P.S Usually the script is not needed unless you want to level up slightly faster than usual.


#11

Coming up on 3 years and I’m at 44…


#12

one year and lvl16 (although i did a reset from lvl12 -> lvl1 in september). do you need to go faster? as for me, i don’t. it’s not a race and i got a liftetime account exactly for the purpose of having all the time i need – so that i can occasionally pause learning japanese and fully pursue other interests.

another reason why my wanikani progress is slowing down is because i focused more and more on learning grammar, which i guess did far more for my language skills than pushing to lvl20.


#13

I was at level 14 after a year. I mean, look at this:

Level 12 and 13 took me 173 days together!

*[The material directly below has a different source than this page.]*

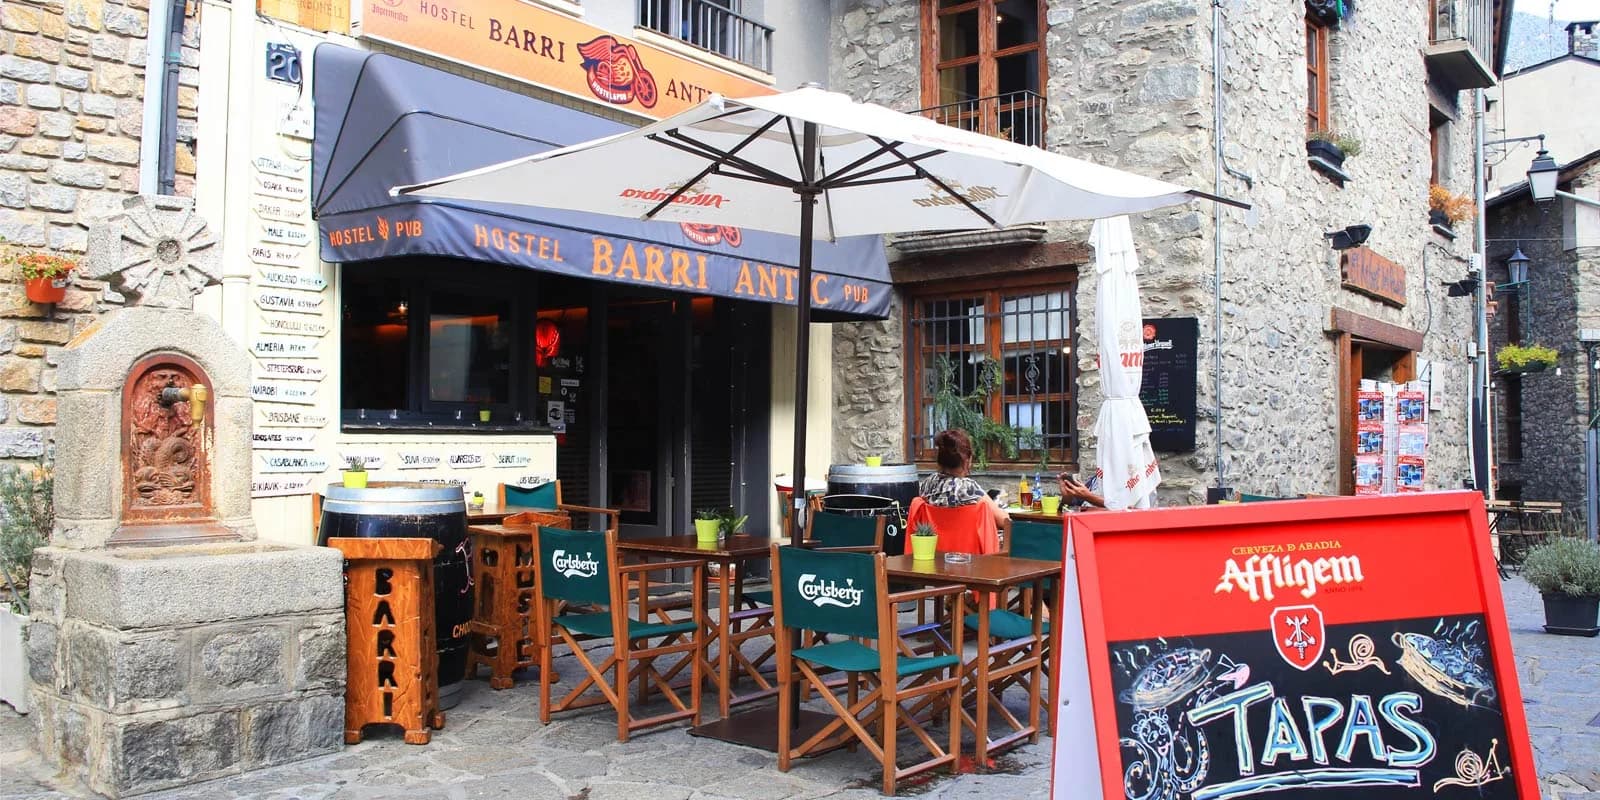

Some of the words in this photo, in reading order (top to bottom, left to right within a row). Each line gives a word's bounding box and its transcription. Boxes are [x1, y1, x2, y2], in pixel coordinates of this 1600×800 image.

It was due to my job, but the normal levels took me longes than the average in the community. I am taking my time. As shikaji said:

do you need to go faster?

I think that’s the main point. I do not need to but I am trying to do my reviews at least one a day (maybe twice), otherwise my precision rate plummets and a level will take forever XD

So just think why are you on Wani Kani. Are you here to learn kanji or to be on some weird leaderbord? If it is the first, then take it at your pace.


#14

Remember reviewing only once a day is not often enough because of the early srs levels!
But I would agree with others, consider if you actually need to go faster. If you do, you need a proper strategy and consistent hard work.


#15

Why do people always assume the people who are going fast are doing it just for the empty purpose of seeing the number next to their name go up.

I’m going to take N2 in July. It’s going to matter if I’ve studied 1500 kanji vs 800 or 500 kanji. And yes, I practice reading, speaking, and grammar every day too.

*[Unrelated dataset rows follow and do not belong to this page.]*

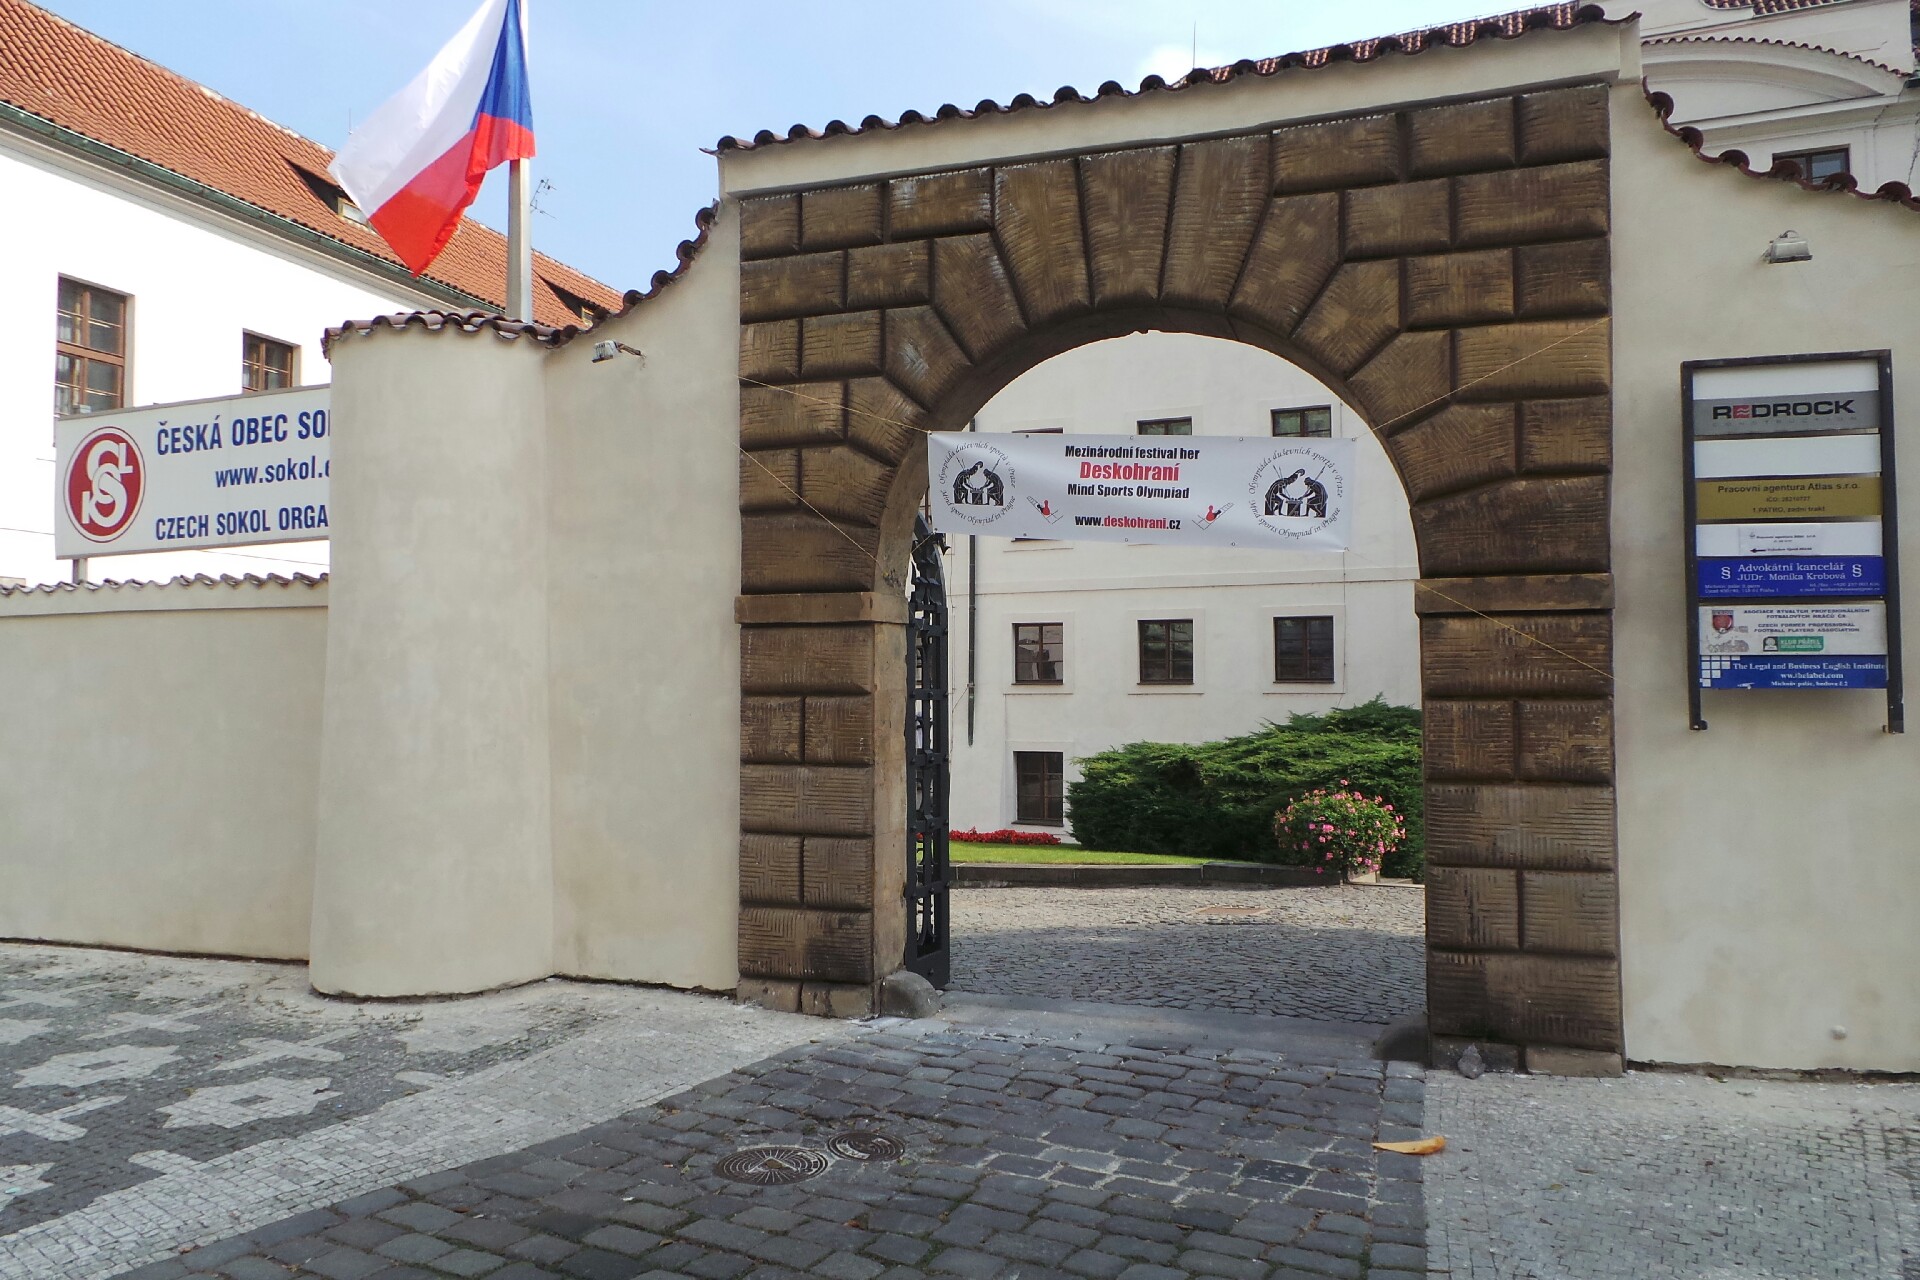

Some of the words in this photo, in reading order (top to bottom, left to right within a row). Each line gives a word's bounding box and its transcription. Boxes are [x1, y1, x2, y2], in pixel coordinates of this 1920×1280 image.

[1712, 400, 1856, 420] REDROCK
[157, 415, 222, 456] ČESKÁ
[232, 413, 288, 446] OBEC
[1065, 445, 1133, 459] Mezinárodní
[1136, 447, 1178, 459] festival
[1180, 448, 1200, 460] her
[1080, 461, 1181, 481] Deskohraní
[1067, 483, 1095, 496] Mind
[1097, 484, 1134, 497] Sports
[1136, 485, 1190, 499] Olympiad
[1763, 484, 1806, 495] agentura
[1807, 482, 1834, 491] Atlas
[156, 514, 209, 540] CZECH
[216, 509, 271, 536] SOKOL
[1075, 515, 1181, 530] www.deskohrani.cz
[1738, 563, 1793, 572] Advokátní
[1796, 561, 1845, 571] kancelář
[1737, 573, 1766, 581] JUDr.
[1769, 572, 1804, 581] Monika
[1807, 571, 1846, 581] Krobová
[1822, 663, 1852, 671] English

But on second thought, yeah, do I really need to even get up in the morning? :stuck_out_tongue:


#16

[quote=“Leebo, post:15, topic:16532, full:true”]
I’m going to take N2 in July. It’s going to matter if I’ve studied 1500 kanji vs 800 or 500 kanji. And yes, I practice reading, speaking, and grammar every day too[/quote]

What/how do you practise grammar and reading? And what about listening?


#17

[quote=“Qurtson, post:16, topic:16532, full:true”]

For grammar, Nihongonomori on youtube, japanesetest4you when I need a quick grammar reminder, and I write sentences and have my girlfriend tell me if they sound natural or not.

I’m reading Catcher in the Rye in Japanese, slowly, and making flashcards for new words and grammar points.

For speaking and listening, she can’t speak English, so I have no choice.


#18

Thank you, I’ve been looking for some place to practice my grammar! :grin:


#19

I started Oct. 2015, now I’m level 22. See no need to rush. Granted I have a horrid memory, so its hard to begin with. But rather go slow and have a better long term retention, than to get my number up fast but forgot a lot in the end.


#20

You live in Japan though don’t you? And you mention your girlfriend corrects your stuff, so I’m assuming shes Japanese.
You’re a bit of an unfair comparison. Just being surrounded by Japanese is going to help immensely. Whether you’re actively using your surroundings as a learning tool or not, it forces you to learn, and is a constant reinforcement of what you have learned. Not saying you’ll just learn through osmosis, but ya know what I mean. A lot different for those of us who have to learn 100% solo. No classes, nobody to help, nobody who even gives a shit about Japan/Japanese.